WHAT THE EXERCISE ASKS:
Every record, apart from its pictures, should be repeated exactly.

BEGIN DATASET RECORDS

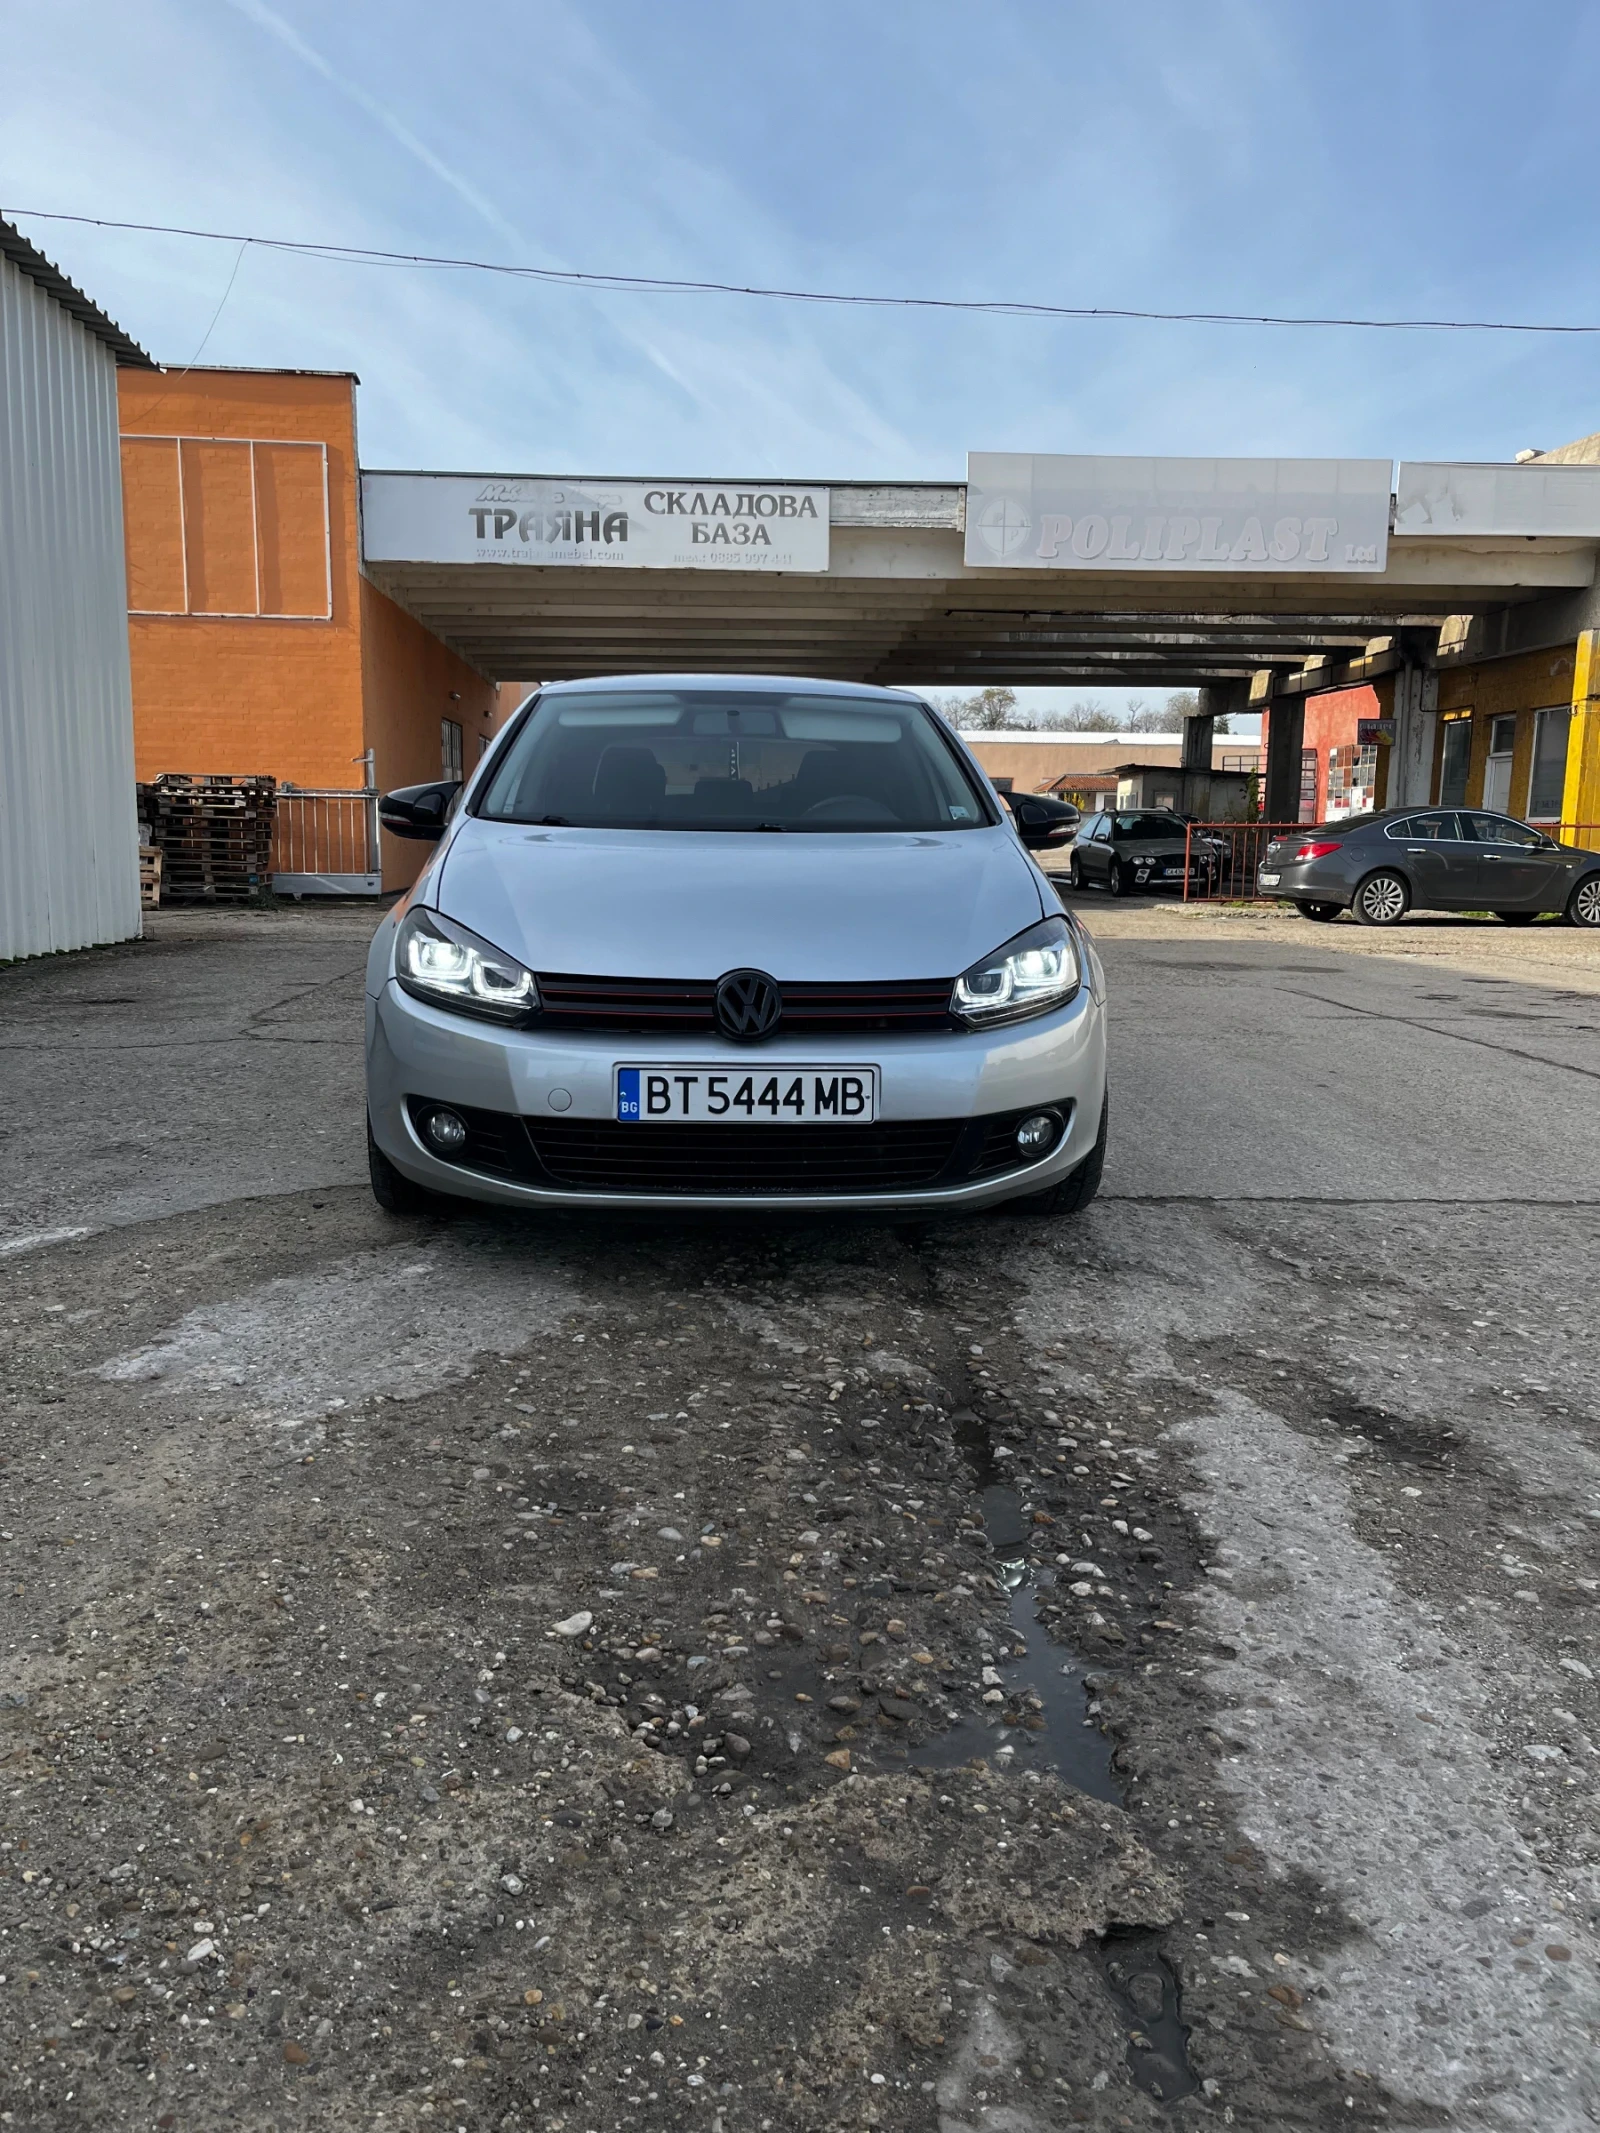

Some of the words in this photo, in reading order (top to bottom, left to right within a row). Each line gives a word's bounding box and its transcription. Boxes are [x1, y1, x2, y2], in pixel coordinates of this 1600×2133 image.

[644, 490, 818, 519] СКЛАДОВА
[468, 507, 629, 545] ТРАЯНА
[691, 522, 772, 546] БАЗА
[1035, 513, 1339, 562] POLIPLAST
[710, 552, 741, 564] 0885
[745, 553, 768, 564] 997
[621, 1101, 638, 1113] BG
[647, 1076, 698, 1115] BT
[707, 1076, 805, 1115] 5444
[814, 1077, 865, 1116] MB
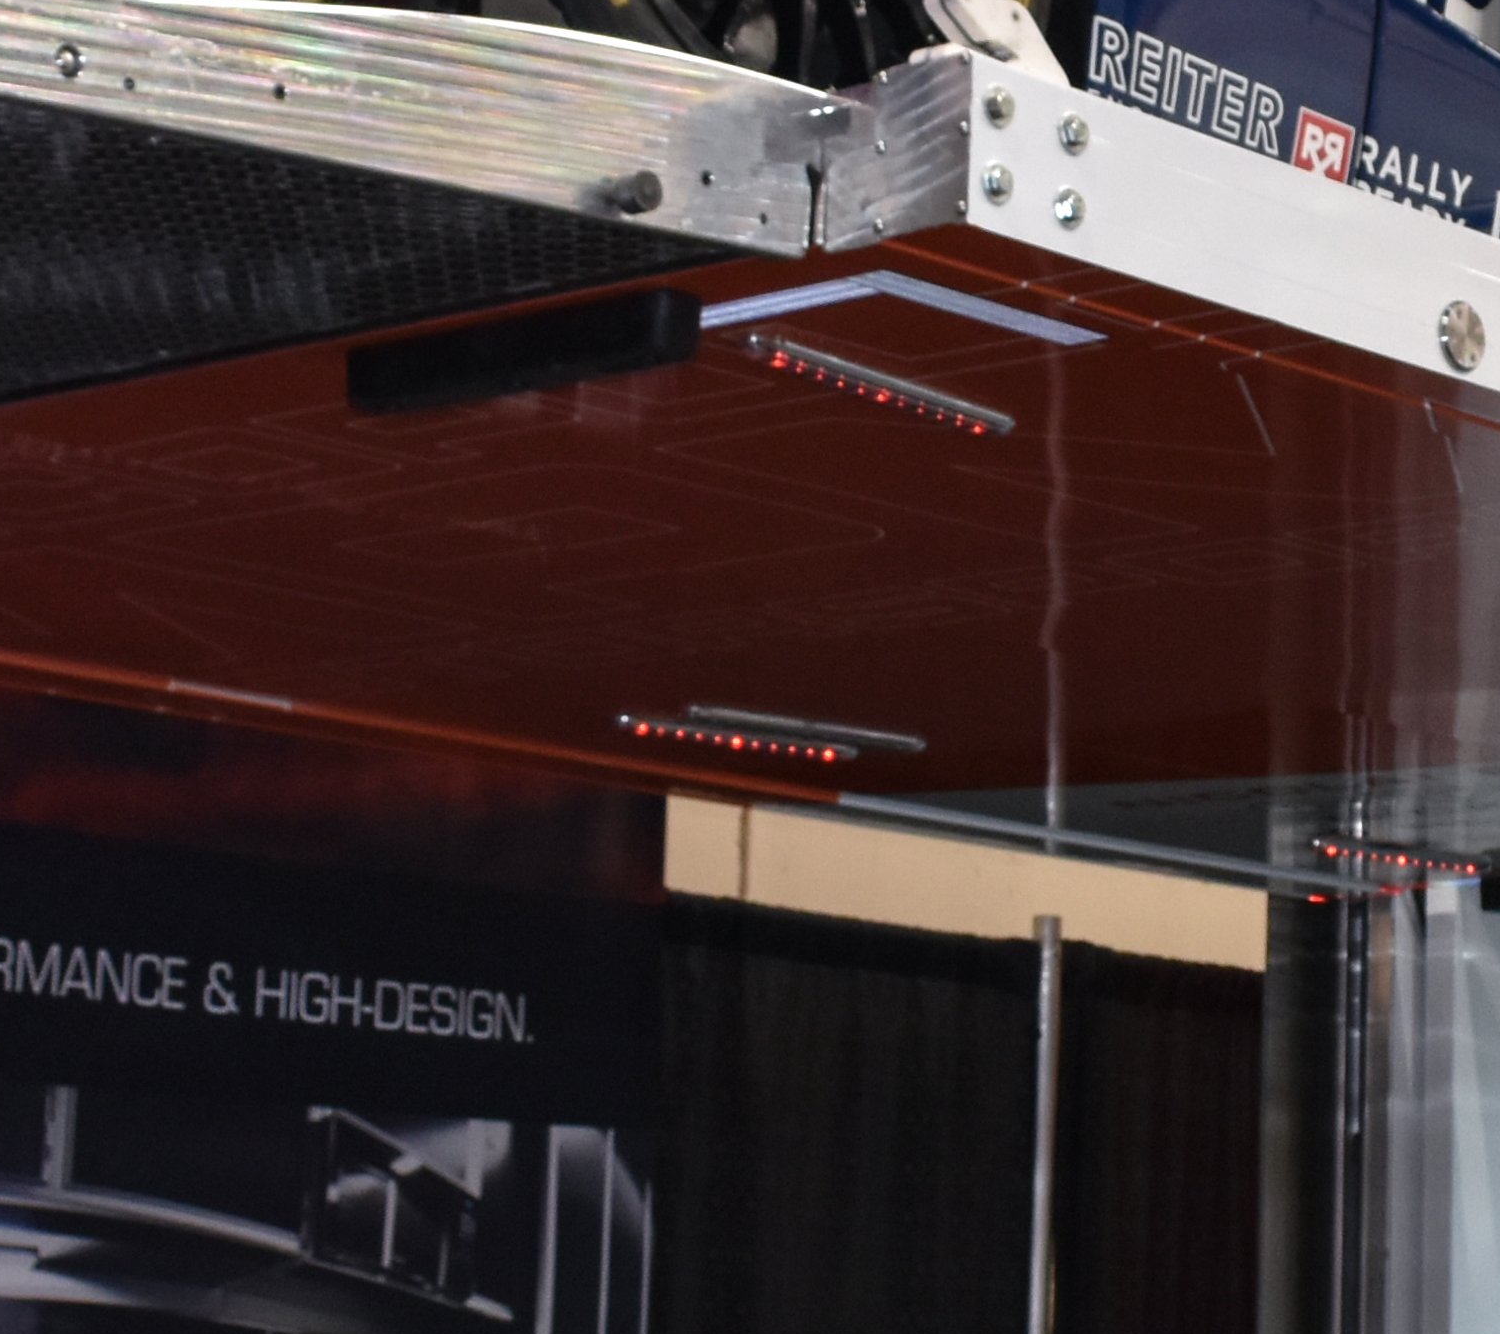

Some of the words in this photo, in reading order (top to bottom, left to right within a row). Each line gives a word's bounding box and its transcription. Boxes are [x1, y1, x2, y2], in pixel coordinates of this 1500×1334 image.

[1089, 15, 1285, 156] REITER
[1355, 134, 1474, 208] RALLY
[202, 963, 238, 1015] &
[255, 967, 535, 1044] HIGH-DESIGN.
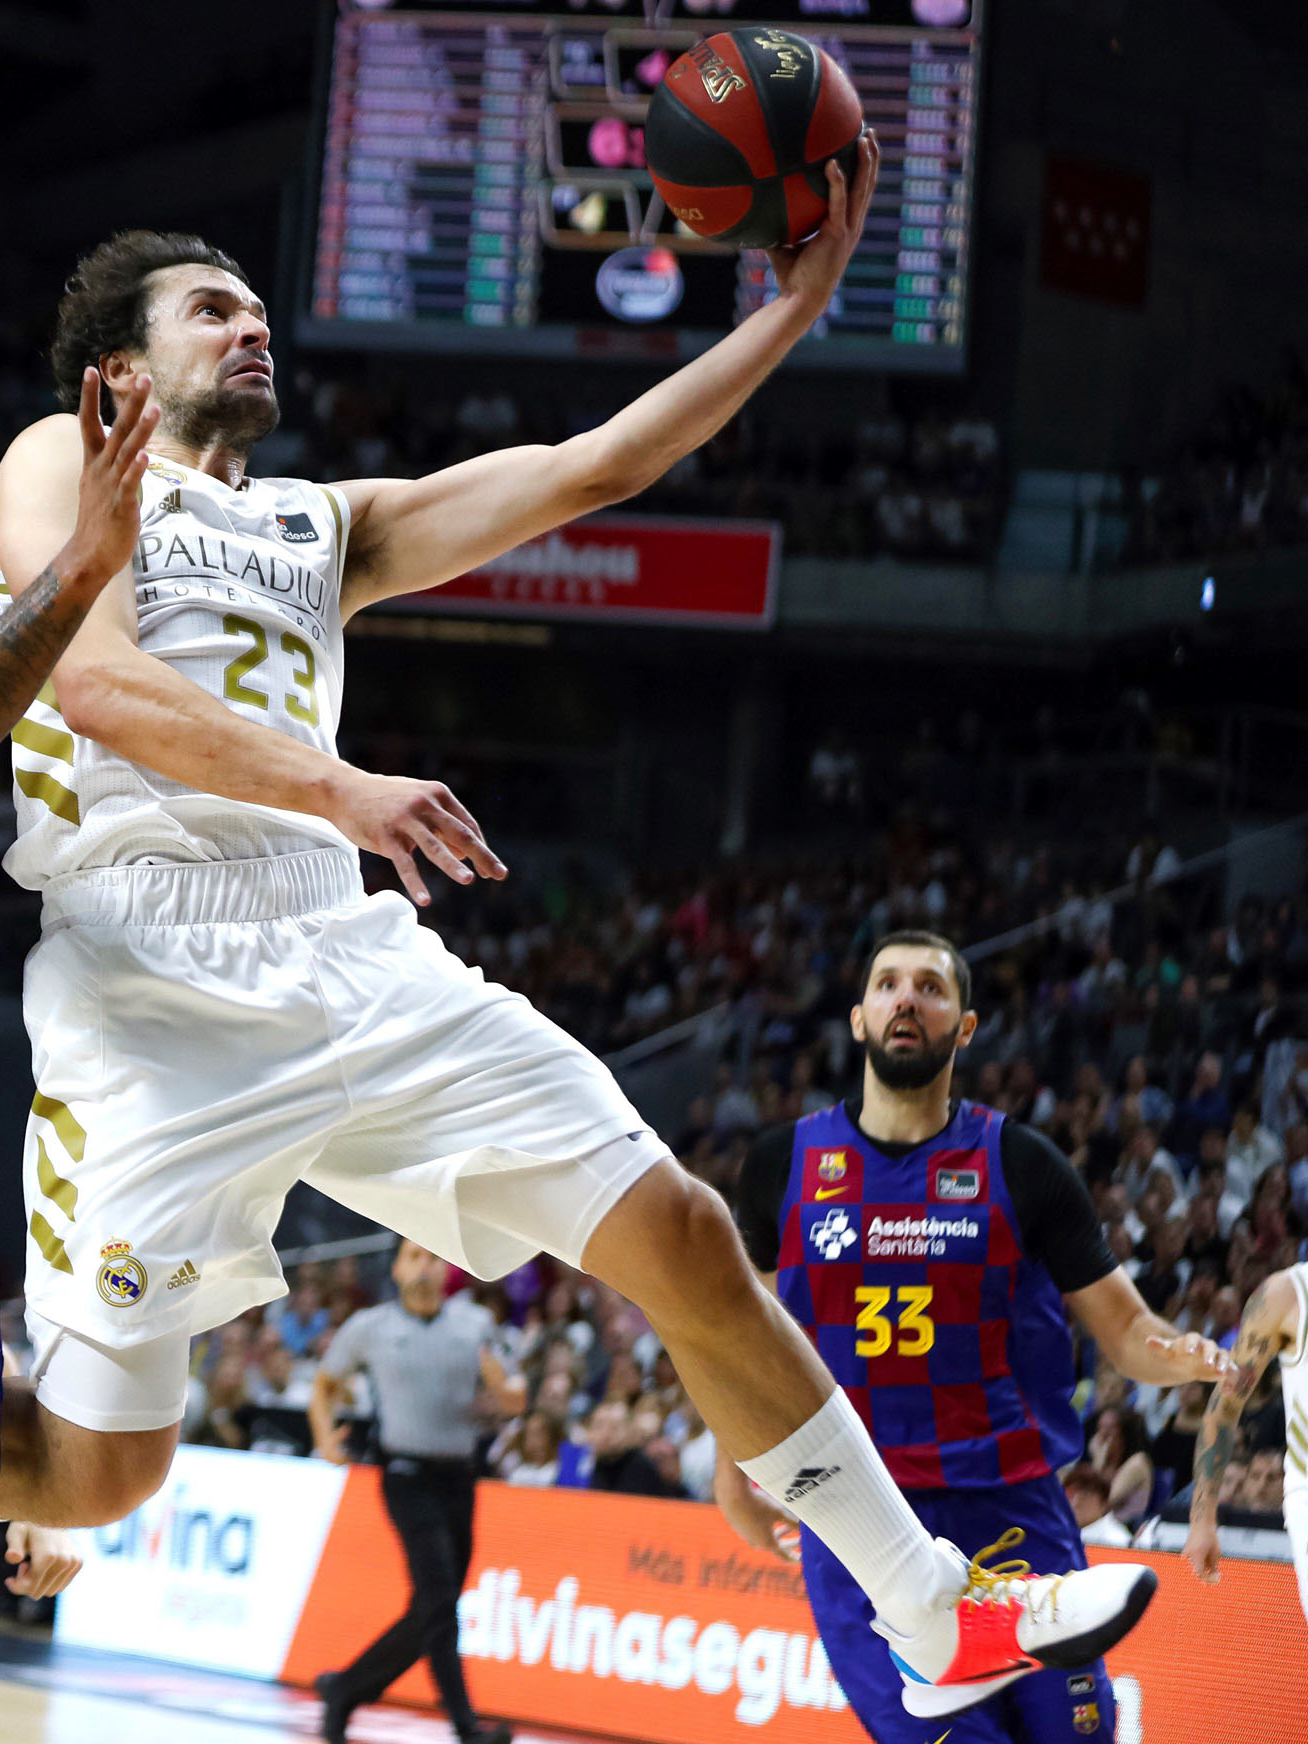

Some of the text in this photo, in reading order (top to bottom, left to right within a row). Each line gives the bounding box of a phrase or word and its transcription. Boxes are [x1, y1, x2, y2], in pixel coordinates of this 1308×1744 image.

END DATASET RECORDS

ANSWER SECTION:
Some of the words in this photo, in reading order (top to bottom, left to right within a row). Each line gives a word's bounding box and its transcription. Boxes are [x1, y1, x2, y2], in pixel coordinates of this 1600×2133 image.

[644, 490, 818, 519] СКЛАДОВА
[468, 507, 629, 545] ТРАЯНА
[691, 522, 772, 546] БАЗА
[1035, 513, 1339, 562] POLIPLAST
[710, 552, 741, 564] 0885
[745, 553, 768, 564] 997
[621, 1101, 638, 1113] BG
[647, 1076, 698, 1115] BT
[707, 1076, 805, 1115] 5444
[814, 1077, 865, 1116] MB

Some of the words in this photo, in reading order (top to bottom, left to right within a row). Each line gives a word's bounding box and its transcription. Boxes are [x1, y1, x2, y2], in pixel coordinates of this 1500×1334 image.

[1089, 15, 1285, 156] REITER
[1355, 134, 1474, 208] RALLY
[202, 963, 238, 1015] &
[255, 967, 535, 1044] HIGH-DESIGN.

Some of the text in this photo, in reading order (top to bottom, left to right within a row). Each line gives the bounding box of a phrase or word and its transcription. Boxes are [x1, y1, x2, y2], in pixel coordinates of this 1308×1744 image.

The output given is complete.